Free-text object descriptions
* * *
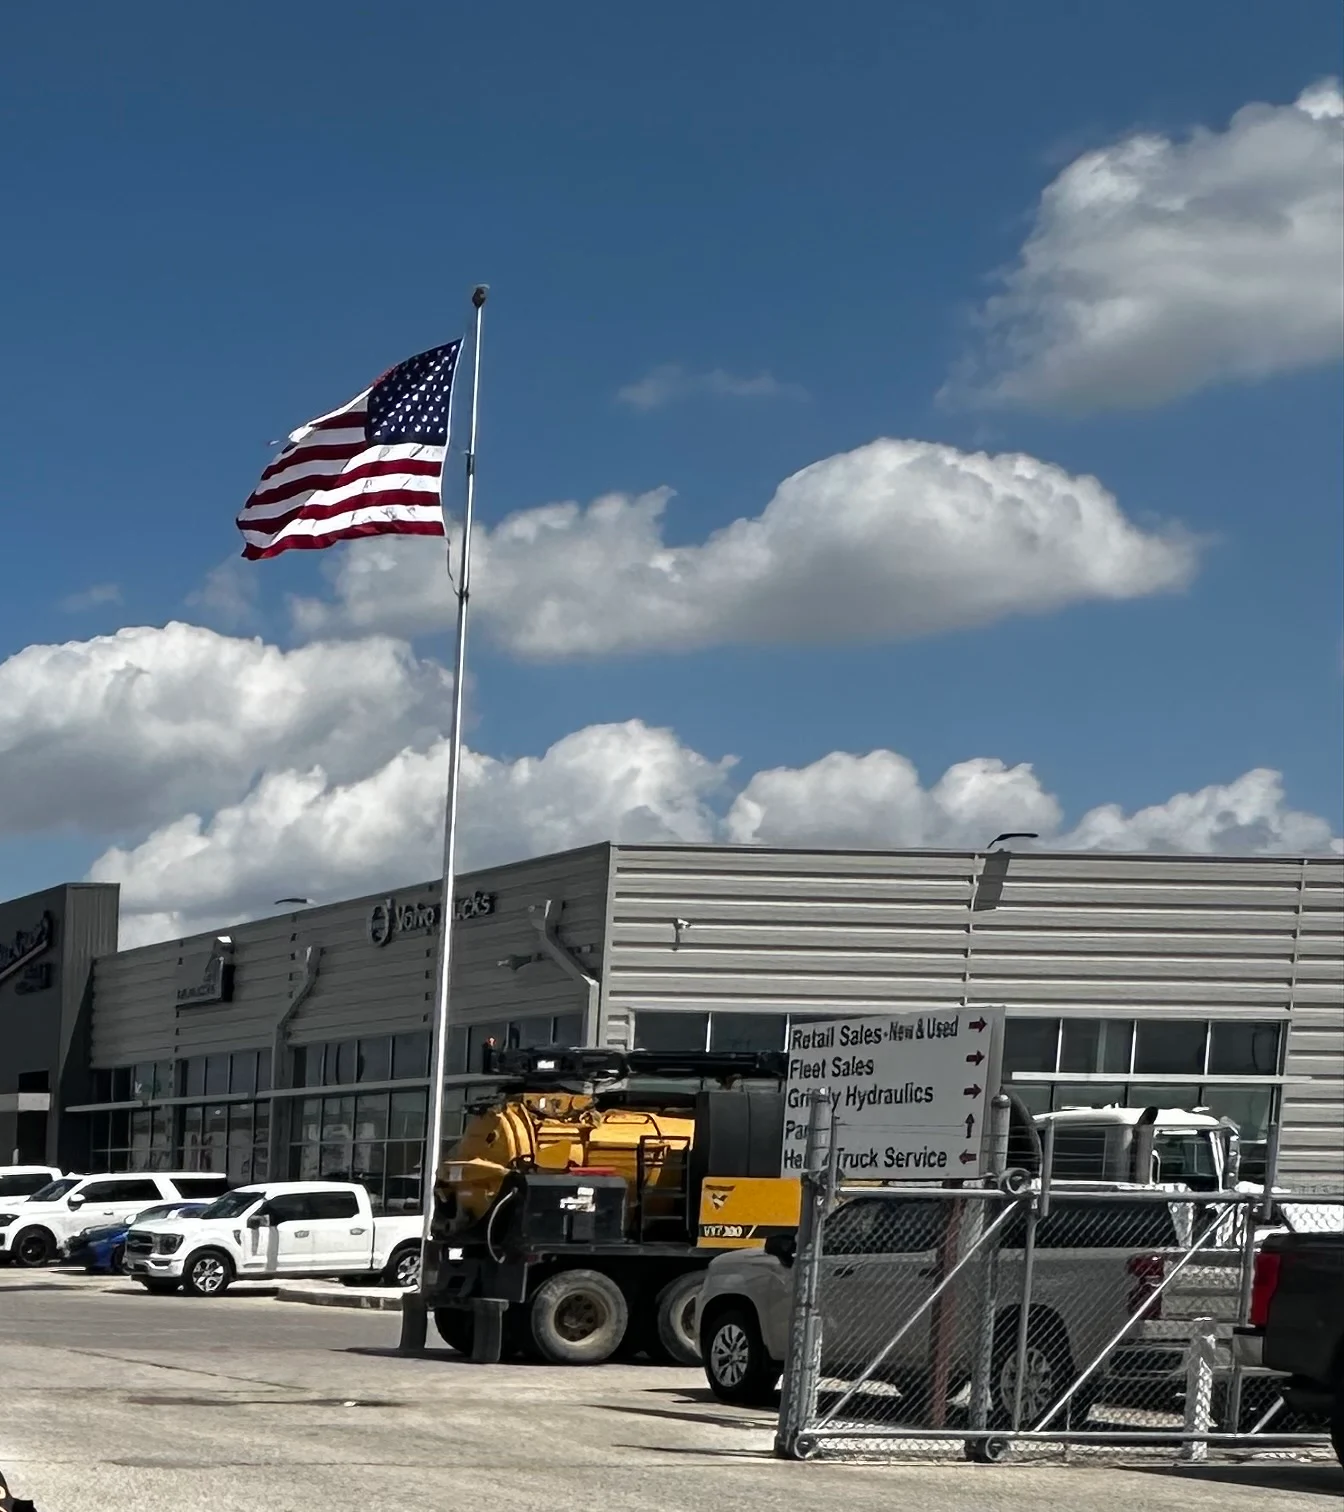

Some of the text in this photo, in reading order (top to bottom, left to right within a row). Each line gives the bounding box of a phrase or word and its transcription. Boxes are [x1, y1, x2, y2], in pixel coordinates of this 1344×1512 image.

[792, 1026, 835, 1050] Retail
[839, 1024, 882, 1047] Sales
[927, 1015, 960, 1039] Used
[790, 1055, 875, 1080] Fleet Sales
[787, 1082, 934, 1113] Grily Hydraulics
[837, 1147, 879, 1169] Truck
[884, 1145, 948, 1168] Service
* * *
Your goal>
Reproduce all the data as it stands. The pictures are not part of the copy.

Reply to the exercise>
Some of the text in this photo, in reading order (top to bottom, left to right within a row). Each line gives the bounding box of a phrase or word and its transcription. Boxes are [x1, y1, x2, y2], in pixel coordinates of this 1344×1512 image.

[792, 1026, 835, 1050] Retail
[839, 1024, 882, 1047] Sales
[927, 1015, 960, 1039] Used
[790, 1055, 875, 1080] Fleet Sales
[787, 1082, 934, 1113] Grily Hydraulics
[837, 1147, 879, 1169] Truck
[884, 1145, 948, 1168] Service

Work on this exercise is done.